◆ EXERCISE BRIEF
The expected output is the complete listing, unchanged.

◆ DATA EXTRACTS
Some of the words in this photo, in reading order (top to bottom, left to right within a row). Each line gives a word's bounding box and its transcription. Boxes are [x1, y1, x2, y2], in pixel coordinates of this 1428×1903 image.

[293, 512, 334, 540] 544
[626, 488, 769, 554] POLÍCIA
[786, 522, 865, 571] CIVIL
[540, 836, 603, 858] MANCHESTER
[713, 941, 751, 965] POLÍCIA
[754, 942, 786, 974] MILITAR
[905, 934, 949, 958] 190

◆ RESULT OF THE TASK
Some of the words in this photo, in reading order (top to bottom, left to right within a row). Each line gives a word's bounding box and its transcription. Boxes are [x1, y1, x2, y2], in pixel coordinates of this 1428×1903 image.

[293, 512, 334, 540] 544
[626, 488, 769, 554] POLÍCIA
[786, 522, 865, 571] CIVIL
[540, 836, 603, 858] MANCHESTER
[713, 941, 751, 965] POLÍCIA
[754, 942, 786, 974] MILITAR
[905, 934, 949, 958] 190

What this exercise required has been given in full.